*** Begin section ***
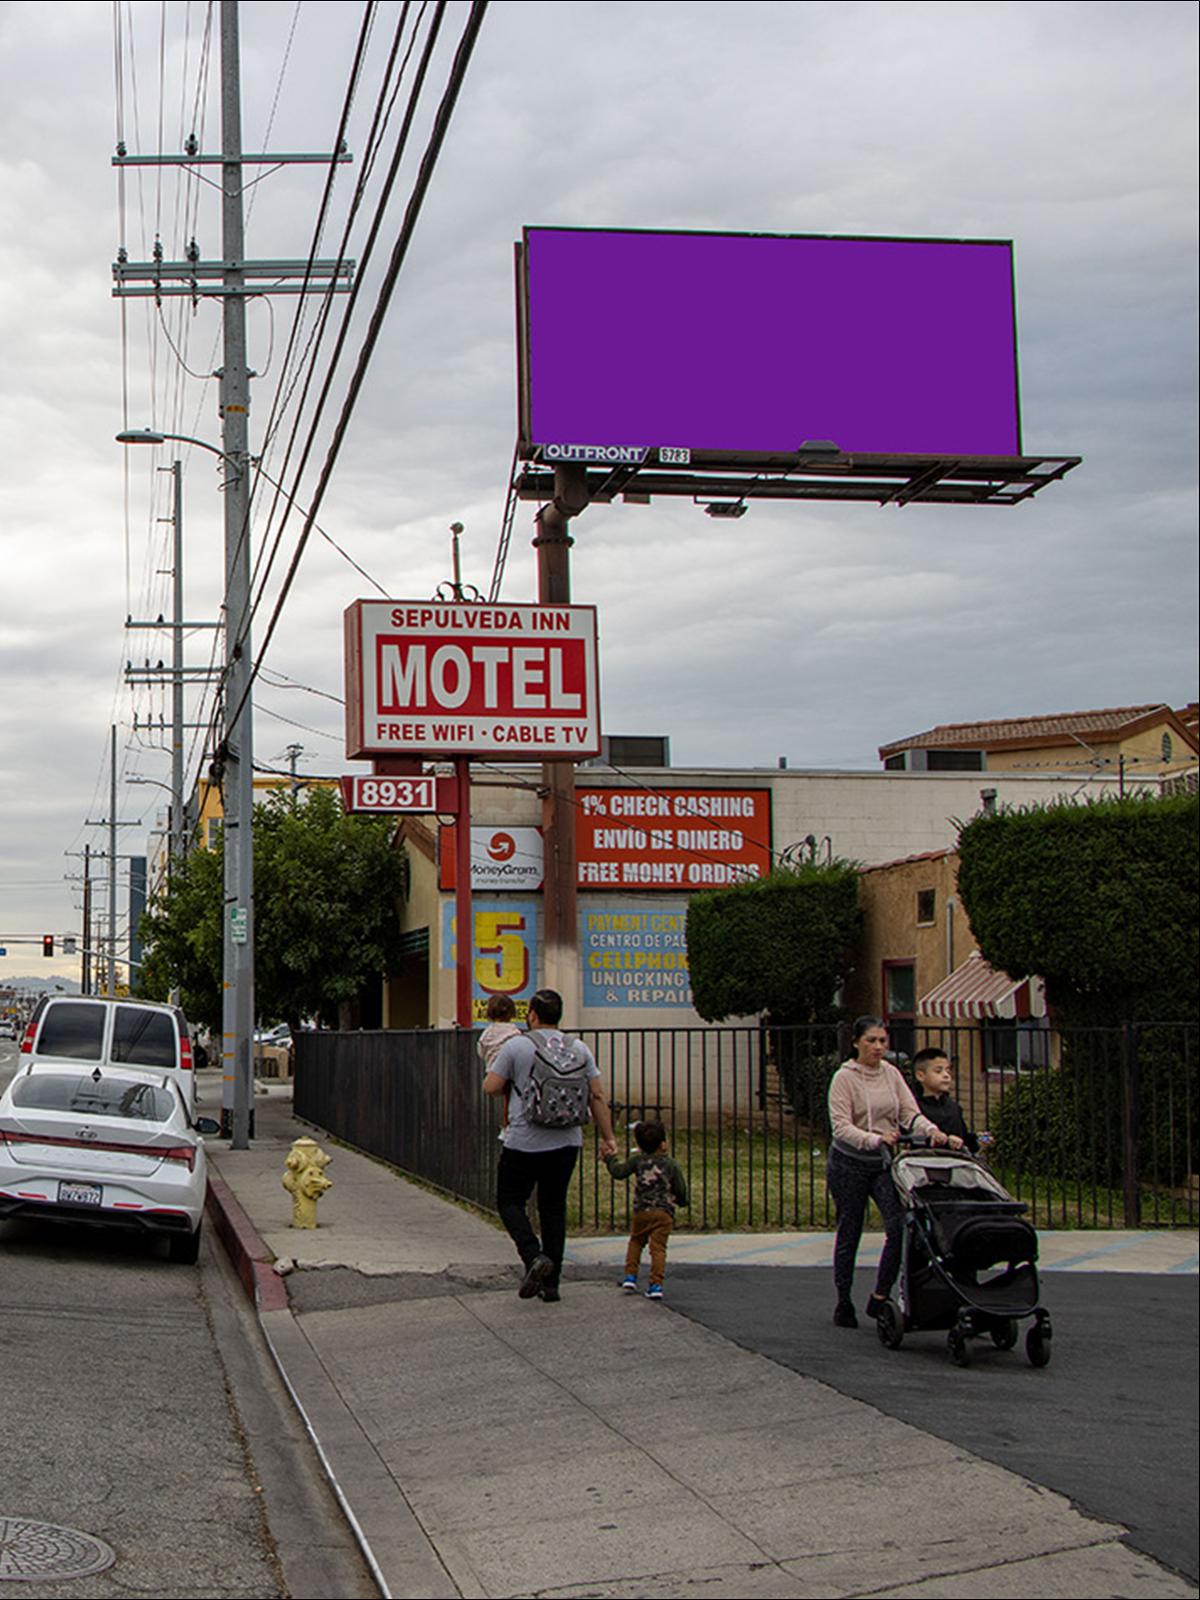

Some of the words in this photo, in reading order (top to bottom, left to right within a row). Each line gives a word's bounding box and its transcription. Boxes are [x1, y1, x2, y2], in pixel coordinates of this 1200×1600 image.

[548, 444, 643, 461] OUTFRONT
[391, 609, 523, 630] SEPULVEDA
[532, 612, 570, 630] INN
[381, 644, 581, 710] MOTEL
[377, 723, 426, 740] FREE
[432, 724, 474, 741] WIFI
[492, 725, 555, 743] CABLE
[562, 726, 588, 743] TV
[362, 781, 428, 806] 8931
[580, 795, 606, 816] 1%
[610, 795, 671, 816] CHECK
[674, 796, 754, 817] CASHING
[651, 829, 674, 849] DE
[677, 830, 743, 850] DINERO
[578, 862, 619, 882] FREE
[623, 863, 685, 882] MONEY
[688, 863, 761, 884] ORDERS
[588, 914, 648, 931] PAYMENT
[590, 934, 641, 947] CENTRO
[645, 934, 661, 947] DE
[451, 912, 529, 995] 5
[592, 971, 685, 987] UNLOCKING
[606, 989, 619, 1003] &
*** End section ***
**ABOUT THIS TASK**
Would you retype all the lines shown above, exactly as written and without any picture?

**EXERCISE SOLUTION**
Some of the words in this photo, in reading order (top to bottom, left to right within a row). Each line gives a word's bounding box and its transcription. Boxes are [x1, y1, x2, y2], in pixel coordinates of this 1200×1600 image.

[548, 444, 643, 461] OUTFRONT
[391, 609, 523, 630] SEPULVEDA
[532, 612, 570, 630] INN
[381, 644, 581, 710] MOTEL
[377, 723, 426, 740] FREE
[432, 724, 474, 741] WIFI
[492, 725, 555, 743] CABLE
[562, 726, 588, 743] TV
[362, 781, 428, 806] 8931
[580, 795, 606, 816] 1%
[610, 795, 671, 816] CHECK
[674, 796, 754, 817] CASHING
[651, 829, 674, 849] DE
[677, 830, 743, 850] DINERO
[578, 862, 619, 882] FREE
[623, 863, 685, 882] MONEY
[688, 863, 761, 884] ORDERS
[588, 914, 648, 931] PAYMENT
[590, 934, 641, 947] CENTRO
[645, 934, 661, 947] DE
[451, 912, 529, 995] 5
[592, 971, 685, 987] UNLOCKING
[606, 989, 619, 1003] &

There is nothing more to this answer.